Tariffs have added another layer of strain. Hershey now expects $170–180 million in tariff expenses for 2025, up from an initial $15–20 million projection [2]. These costs, embedded in full-year guidance, have forced the company to revise adjusted earnings per share (EPS) downward to a 36–38% decline, compared to prior forecasts of a mid-30% drop [1]. CEO Michele Buck has cautiously lobbied for tariff relief, but current guidance assumes the worst-case scenario.

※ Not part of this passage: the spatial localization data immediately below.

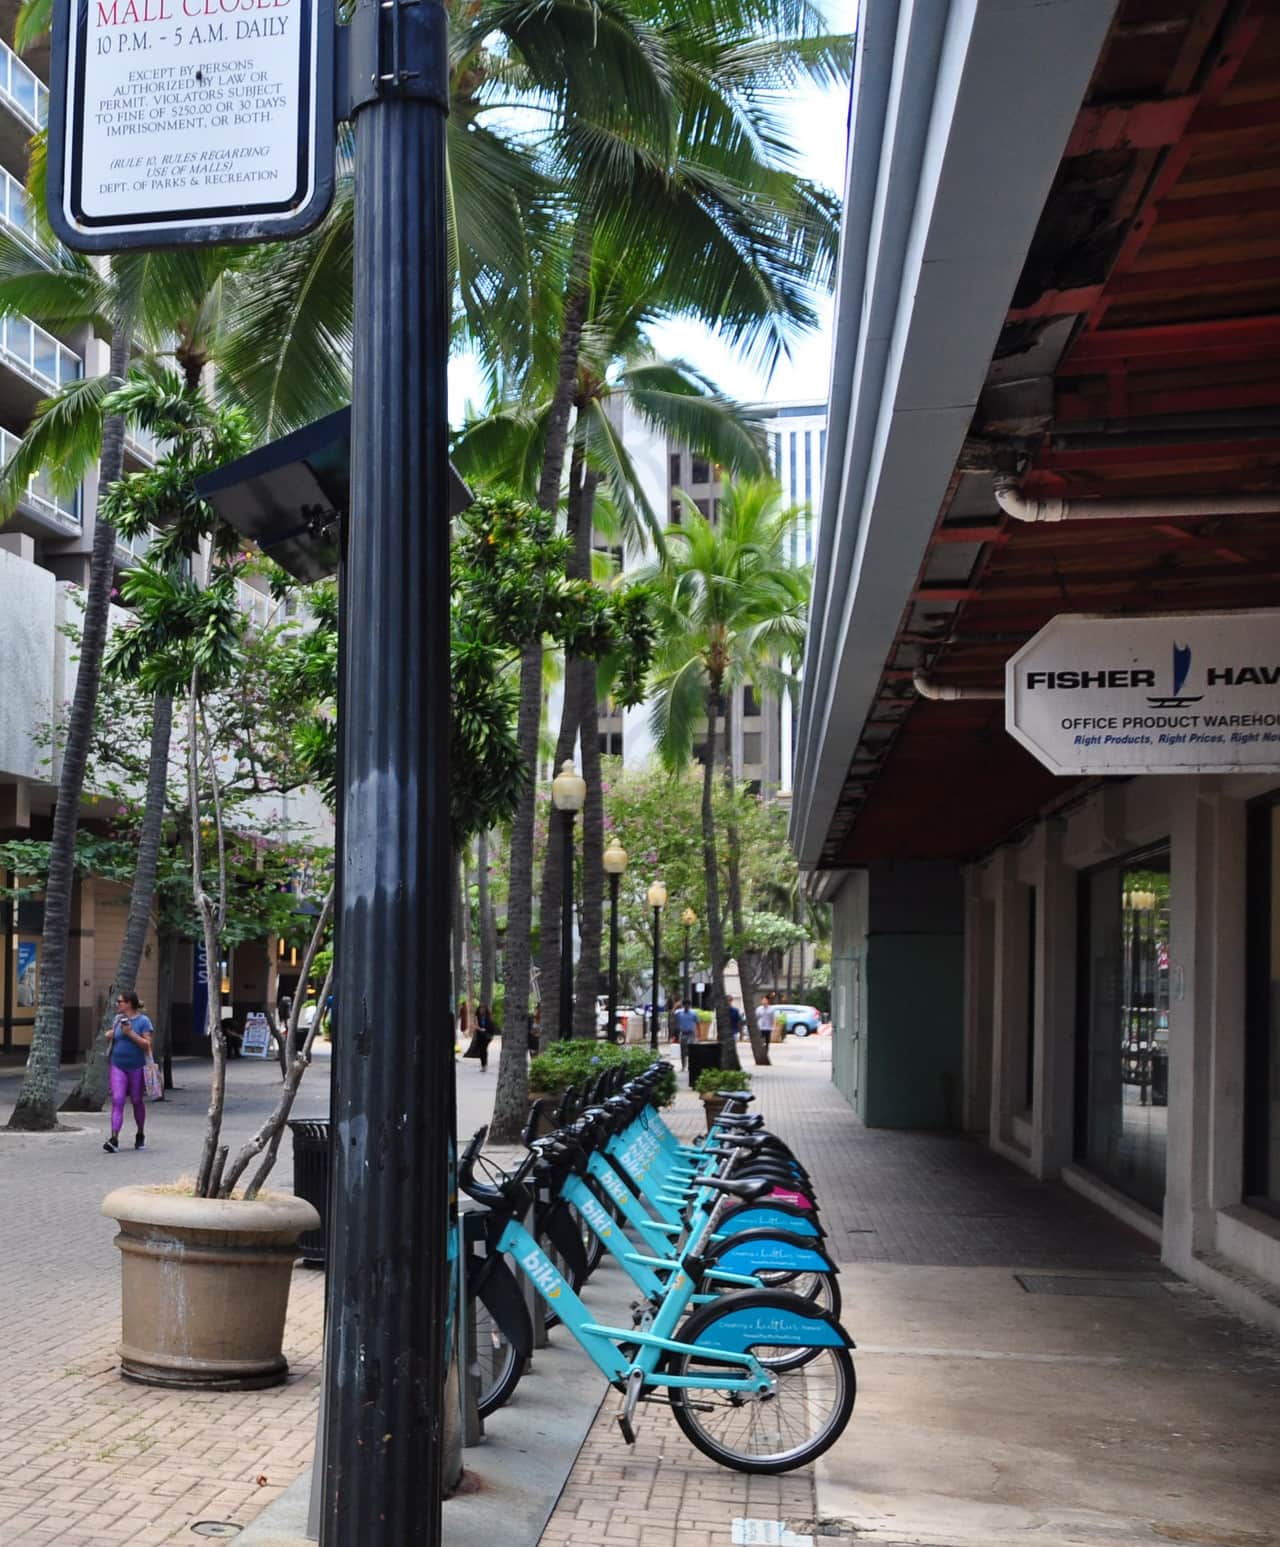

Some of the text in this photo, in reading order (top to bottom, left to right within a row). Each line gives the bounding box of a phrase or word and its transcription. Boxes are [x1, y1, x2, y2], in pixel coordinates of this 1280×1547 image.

[96, 0, 291, 27] MALL CLO
[97, 36, 112, 55] 10
[118, 32, 152, 52] P.M.
[174, 27, 182, 46] 5
[189, 24, 228, 45] A.M.
[236, 16, 289, 40] DAILY
[128, 59, 254, 82] EXCEPT BY PERSONS
[113, 71, 268, 96] AUTHORIZED BY LAW OR
[154, 88, 224, 105] VIOLATORS
[228, 83, 283, 98] SUBJECT
[96, 113, 113, 125] TO
[117, 109, 145, 122] FINE
[149, 107, 166, 119] OF
[215, 101, 233, 112] OR
[240, 99, 251, 110] 30
[255, 96, 287, 109] DAYS
[211, 114, 229, 127] OR
[234, 111, 273, 125] BOTH.
[110, 156, 143, 170] (RULE
[161, 152, 198, 165] RULES
[200, 146, 271, 161] REGARDING
[146, 160, 234, 177] USE OF MALLS)
[99, 169, 278, 194] DEPT. OF PARKS & RECREATION
[1026, 669, 1156, 689] FISHER
[1061, 714, 1280, 730] OFFICE PRODUCT WAREHO
[1073, 734, 1102, 746] Right
[1104, 734, 1153, 745] Products,
[1158, 733, 1186, 745] Right
[1188, 732, 1226, 744] Prices,
[1230, 731, 1261, 744] Right
[601, 1171, 627, 1198] biki
[581, 1199, 612, 1232] biki
[522, 1249, 560, 1292] biki

Hershey’s financials reveal a company with both strengths and risks. Its debt-to-equity ratio of 1.25 [5] suggests leverage, but free cash flow of $0.30 per share in Q2 2025 indicates liquidity [2]. The P/E ratio of 36.2x [3] is elevated for a value play, yet intrinsic value models suggest the stock is overvalued by 26% compared to its current price [6]. Analysts project a $184.64 price target, but this relies on cocoa prices stabilizing at $6,000 per tonne—a scenario dependent on a production rebound in Côte d’Ivoire [4].
Hershey’s Q2 performance—a 26% revenue increase driven by Halloween demand and pricing power—demonstrates short-term resilience [4]. However, Q3 2025 estimates have been slashed to $1.26 per share from $1.48, reflecting margin pressures [2]. The company’s “Smart Complexity” initiative—aimed at simplifying packaging and boosting automation—could mitigate some costs, but benefits will take years to materialize.

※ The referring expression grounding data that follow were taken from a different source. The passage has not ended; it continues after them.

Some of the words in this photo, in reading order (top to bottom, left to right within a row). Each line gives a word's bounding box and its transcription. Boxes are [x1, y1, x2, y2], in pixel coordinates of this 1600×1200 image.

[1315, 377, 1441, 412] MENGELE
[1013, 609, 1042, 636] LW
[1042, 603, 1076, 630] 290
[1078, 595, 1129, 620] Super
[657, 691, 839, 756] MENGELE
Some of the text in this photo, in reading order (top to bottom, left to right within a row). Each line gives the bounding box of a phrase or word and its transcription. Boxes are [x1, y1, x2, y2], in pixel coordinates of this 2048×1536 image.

For value investors, the key question is whether Hershey’s pricing power can offset cocoa and tariff costs. The company has raised prices by “lower double-digits” to absorb input costs [2], but gross margins remain vulnerable. If cocoa prices stabilize and tariffs are reduced, Hershey could deliver a positive earnings surprise. Conversely, persistent inflation or trade tensions could deepen the 36–38% EPS decline.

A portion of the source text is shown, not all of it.